Gov’t coffers depleting to record low levels 

13th January 2021
Dr Matsheka

Next month Minister of Finance & Economic Development, Dr Thapelo Matsheka will face the nation to deliver Botswana‘s first budget speech since COVID-19 pandemic put the world on devastating economic trajectory.

The pandemic that broke out in late 2019 in China has put the entire world on unprecedented chaos ,killing over P1 million people across the globe , shattering economies and almost rendering  the year 2020 – a 12 months stretch of complete setback.

The 2021/22 budget speech will come at time when Botswana’s economy is still trying to emerge out of this.

National lockdowns and local travel restrictions have hit small medium enterprises hard, while international travel restrictions halted movement of both good and people, delivering by far some of the heaviest and worst catastrophic blows on the diamond industry and tourism sector, the likes of which this country has never seen before on its largest economic sectors.

As Minister Matsheka faces parliament next month, the reality on the ground is that Botswana’s national current cash resource, the Government Investment Account (GIA) is depleting at lightning speed.

On the other hand the COVID-19 economic mess is  prevailing,  the virus is reported to have taken a new dangerous shape of a deadly variant, spreading like fueled veld fire and causing some of the world’s super powers back to tough restrictions of lockdown.

According official figures released by Bank of Botswana, in October 2020 the GIA was running at P6 billion compared to the P18.3 billion held in the account in October 2019.

However reports indicate that the account could be currently holding just about P3 billion.  The draw down from the GIA has been by exacerbated by declining diamond revenue, the country‘s largest cash cow.
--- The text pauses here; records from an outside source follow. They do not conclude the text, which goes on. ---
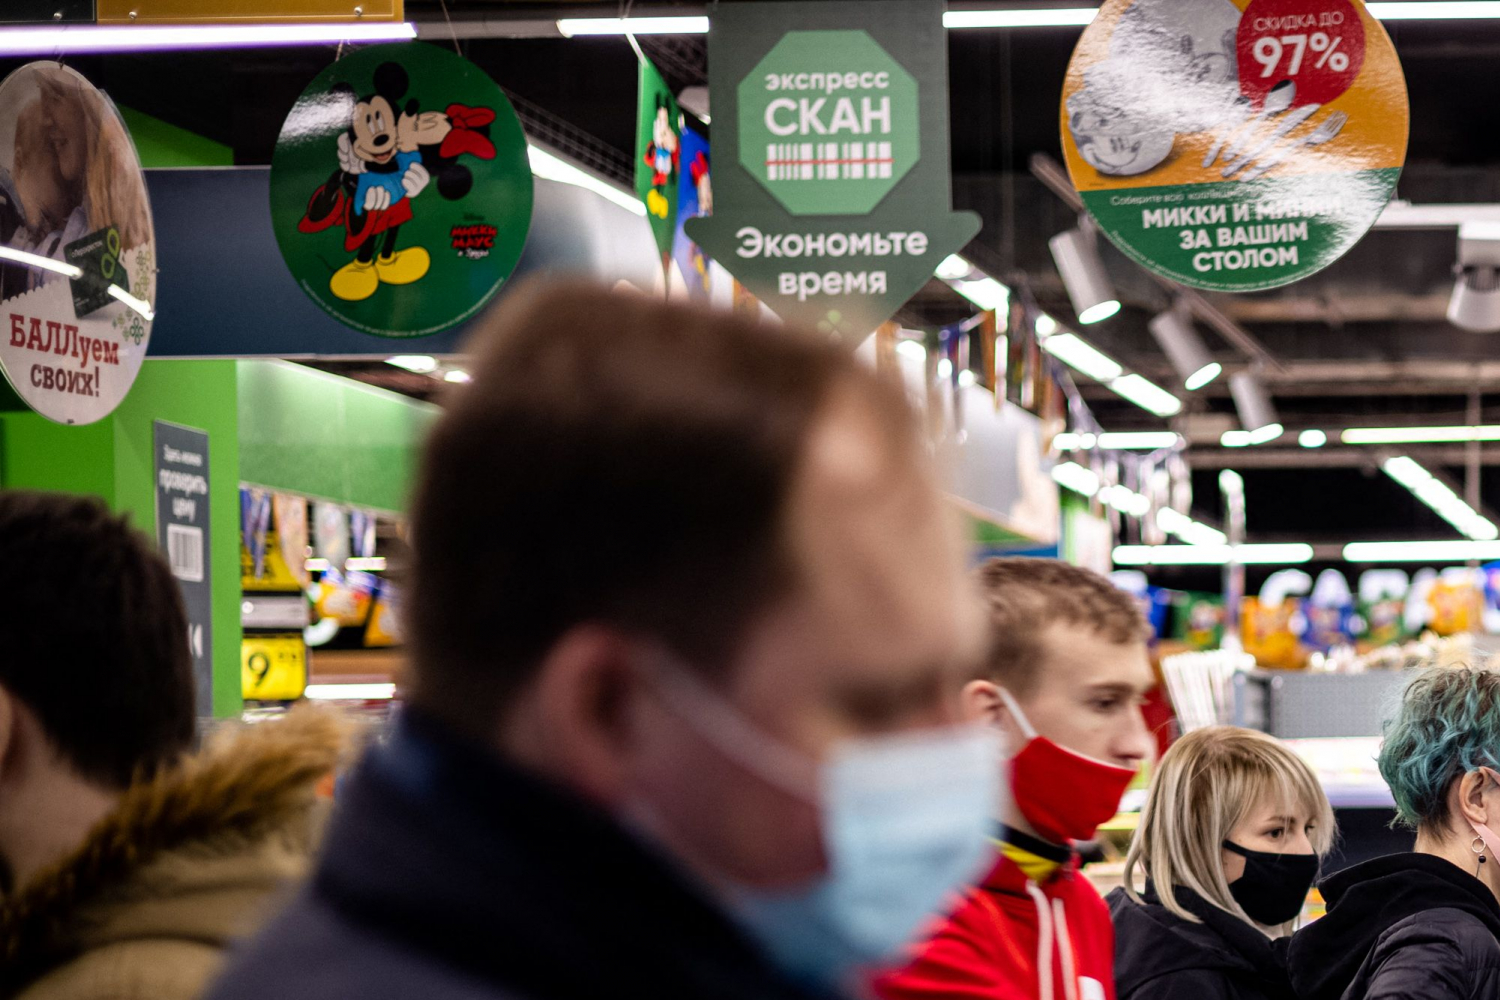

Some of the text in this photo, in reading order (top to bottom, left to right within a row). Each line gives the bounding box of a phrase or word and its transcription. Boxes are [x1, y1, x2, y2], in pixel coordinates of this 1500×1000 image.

[1253, 11, 1344, 31] СКИДКА ДО
[1253, 31, 1349, 78] 97%
[765, 71, 889, 94] экспресс
[764, 97, 891, 136] СКАН
[1142, 205, 1226, 229] МИККИ
[1233, 203, 1249, 223] И
[735, 227, 928, 258] Экономьте
[1180, 222, 1308, 250] ЗА ВАШИМ
[1193, 246, 1298, 272] СТОЛОМ
[778, 271, 887, 301] время
[9, 313, 119, 368] БАЛЛуем
The sector was experiencing significant revenue decline even before COVID-19 struck.

 

When the National Development Plan (NDP) 11 commenced three (3) financial years ago, government announced that the first half of the NDP would run at a budget deficits.
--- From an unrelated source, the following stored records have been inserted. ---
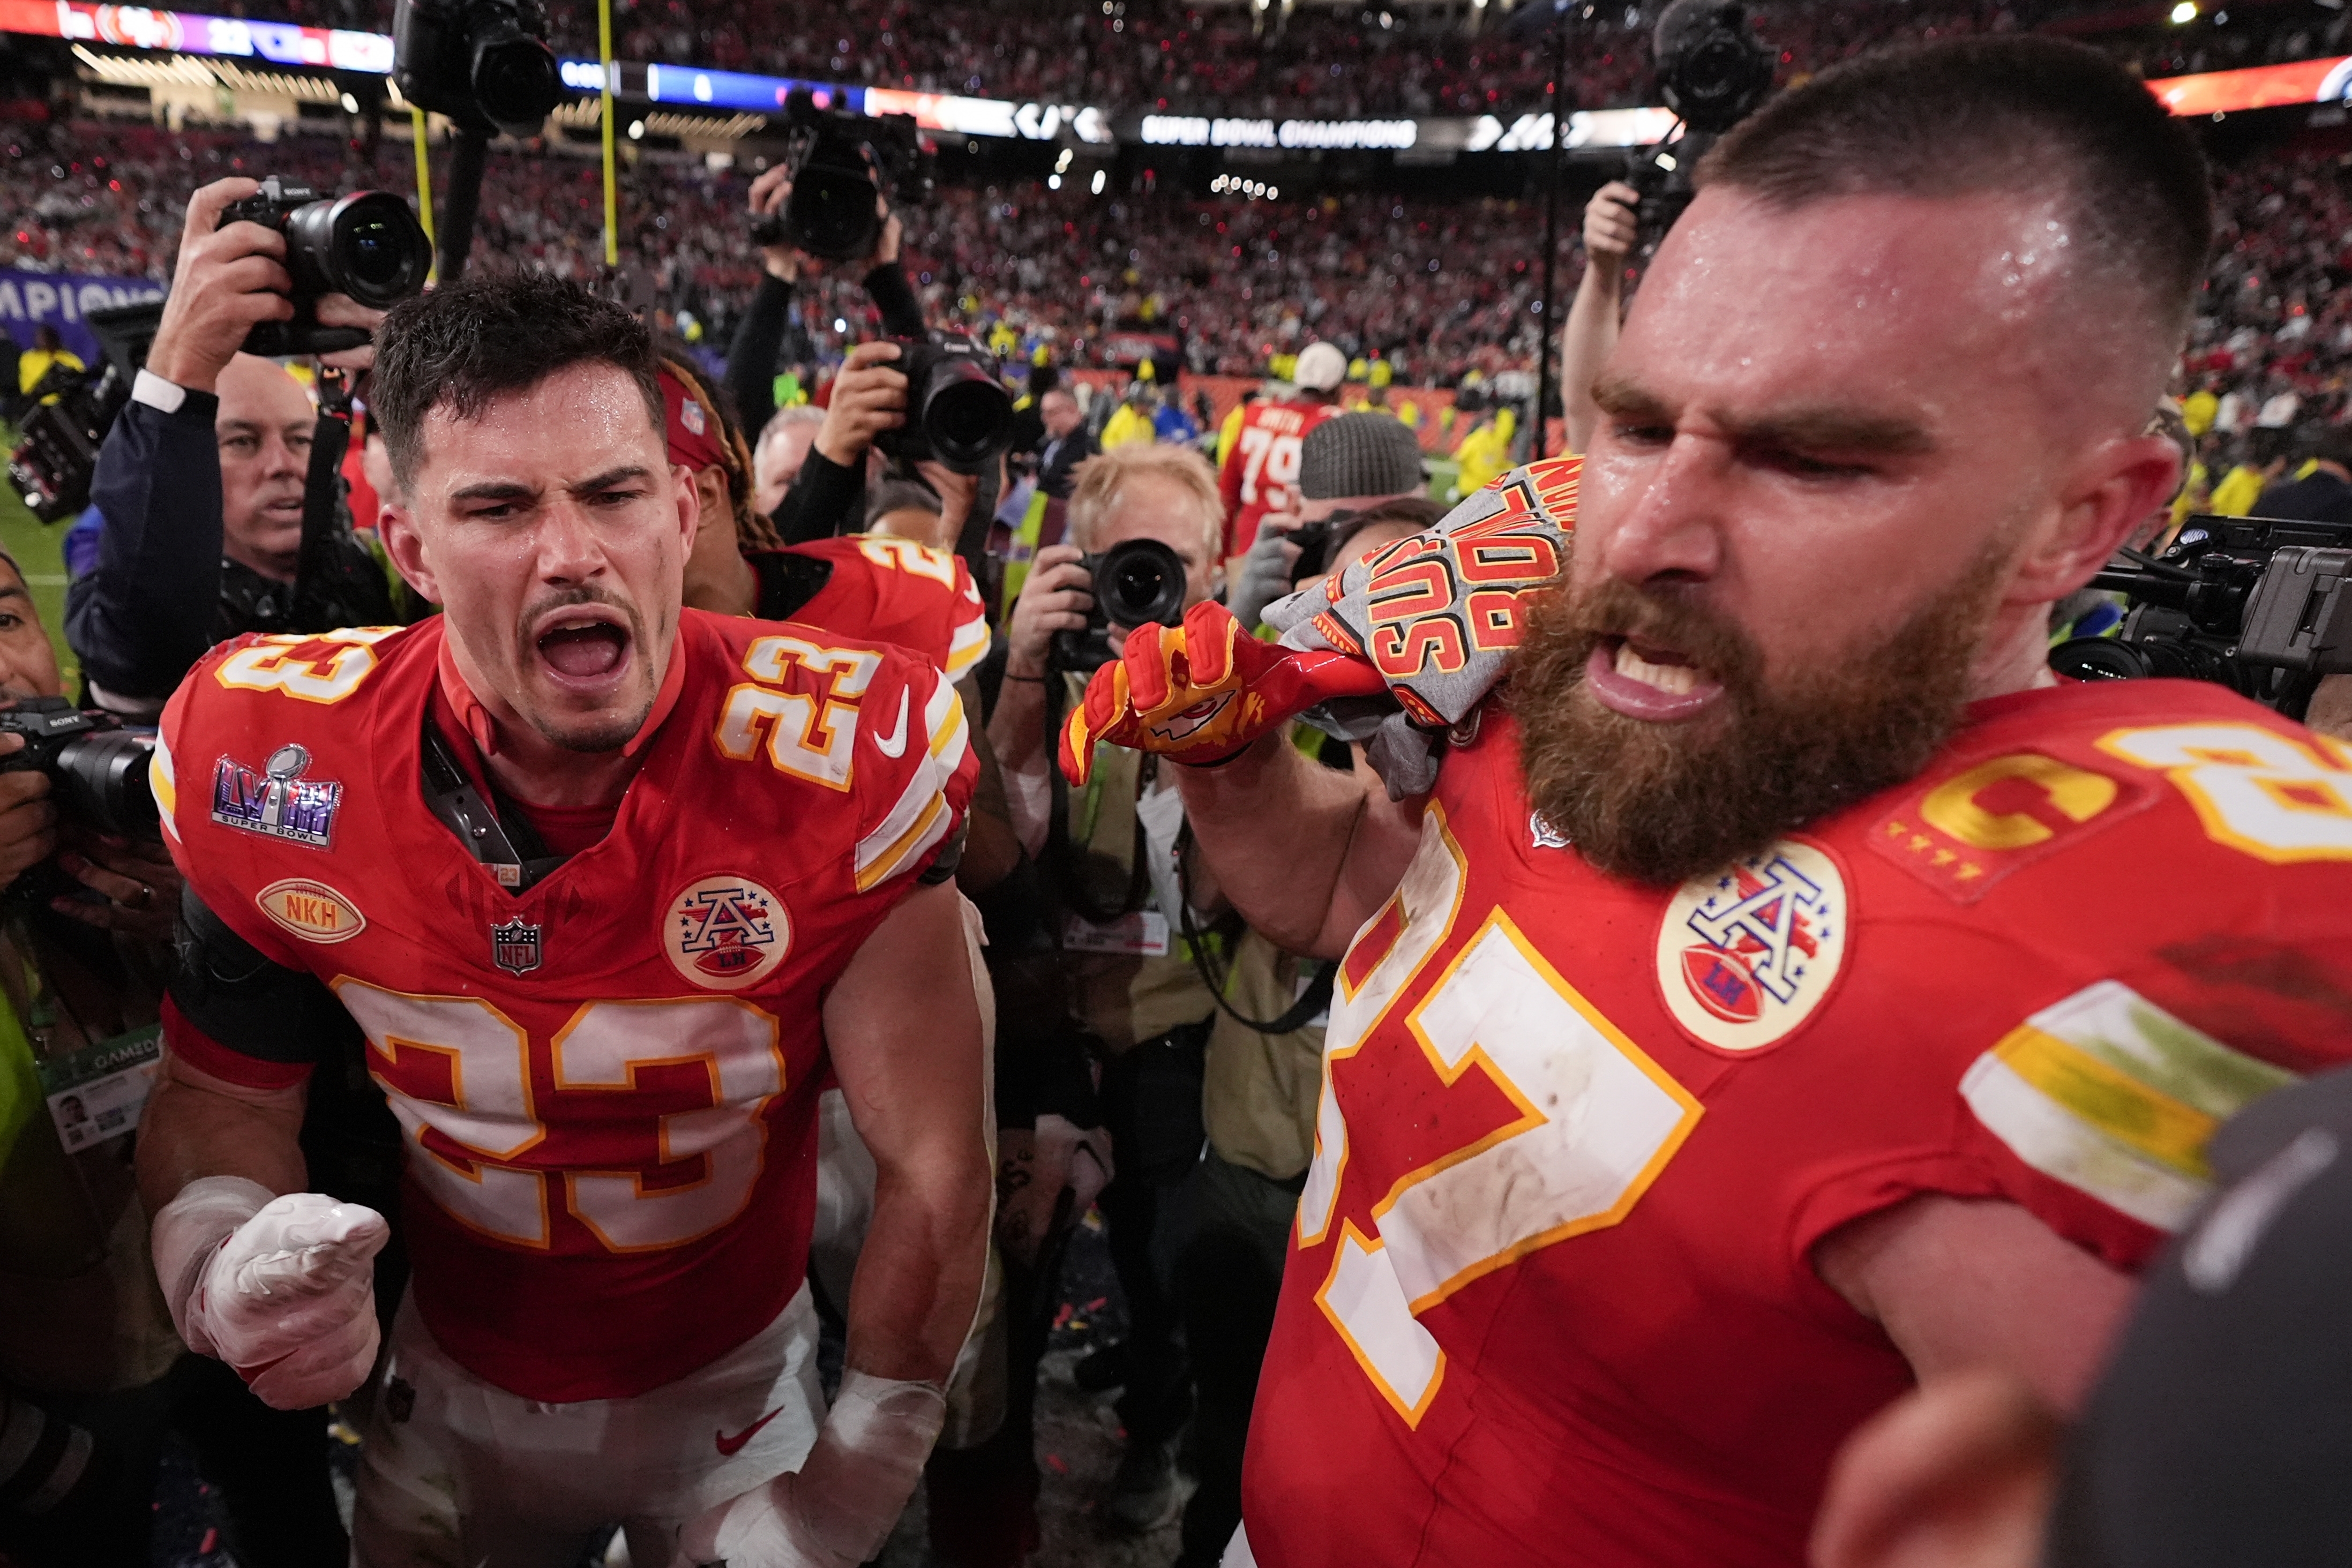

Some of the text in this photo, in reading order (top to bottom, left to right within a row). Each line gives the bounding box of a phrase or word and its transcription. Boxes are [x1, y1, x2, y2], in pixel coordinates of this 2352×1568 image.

[1141, 115, 1418, 149] SUPER BOWL CHAMPIONS
[1239, 425, 1304, 509] 79
[50, 715, 80, 727] SONY
[713, 635, 885, 793] 23
[1918, 752, 2119, 850] C
[221, 815, 317, 842] SUPER BOWL
[286, 894, 336, 929] NKH
[500, 945, 534, 966] NFL
[329, 974, 787, 1253] 23
This as explained by Minister of Finance in 2017 would be occasioned by decline in diamond revenue mainly due to government forfeiting some of its dividend from Debswana to fund mine expansion projects.

Cumulatively, since 2017/18 to 2019/20 financial year the budget deficit totaled to over P16 billion, of which was financed by both external and domestic borrowing and drawing down from government cash balances.

Taking into account the COVID-19 economic mess in 2020/21 financial year, the budget deficit could add up to P20 billion after revised figures.

Drawing down from government cash balances to finance these budget deficits meant significant withdrawals from the Government Investment Account, hence the near depletion of this buffer.

Meanwhile  should Botswana’s revenue streams completely dry up to zero levels; the country would only have 11 months, before calling out for humanitarian  aids and international donors, because  foreign reserves are also on slow down.

During 2019, the foreign exchange reserves declined by 8.7 percent, from Seventy One Billion, Four Hundred Million Pula (P71.4 billion) in December 2018 to Sixty Five Billion, Three Hundred Million Pula (P65.3 billion) in December 2019.

The reserves declined further in 2020, falling by 2.3 percent to Sixty Three Billion, Seven Hundred Million Pula (P63.7 billion) in July 2020.  This was revealed by President Masisi during State of the Nation Address in November last year.

The decrease was mainly due to foreign exchange outflows associated with Government obligations and economy-wide import requirements.

However latest statistics(October 2020)  from Bank of Botswana reveal that Botswana’s foreign reserves are estimated at P58.4 billion, with  government’s share of these funds significantly low.

Government has since introduced several measures to contain costs and control expenditure with the most recent intervention being the halting of recruitment in government departments and parastatals.

Furthermore, Value Added Tax has been signaled to go up  from 12% to 14% in April this year with more hikes and service fees anticipated as government embarks on unprecedented domestic revenue mobilization.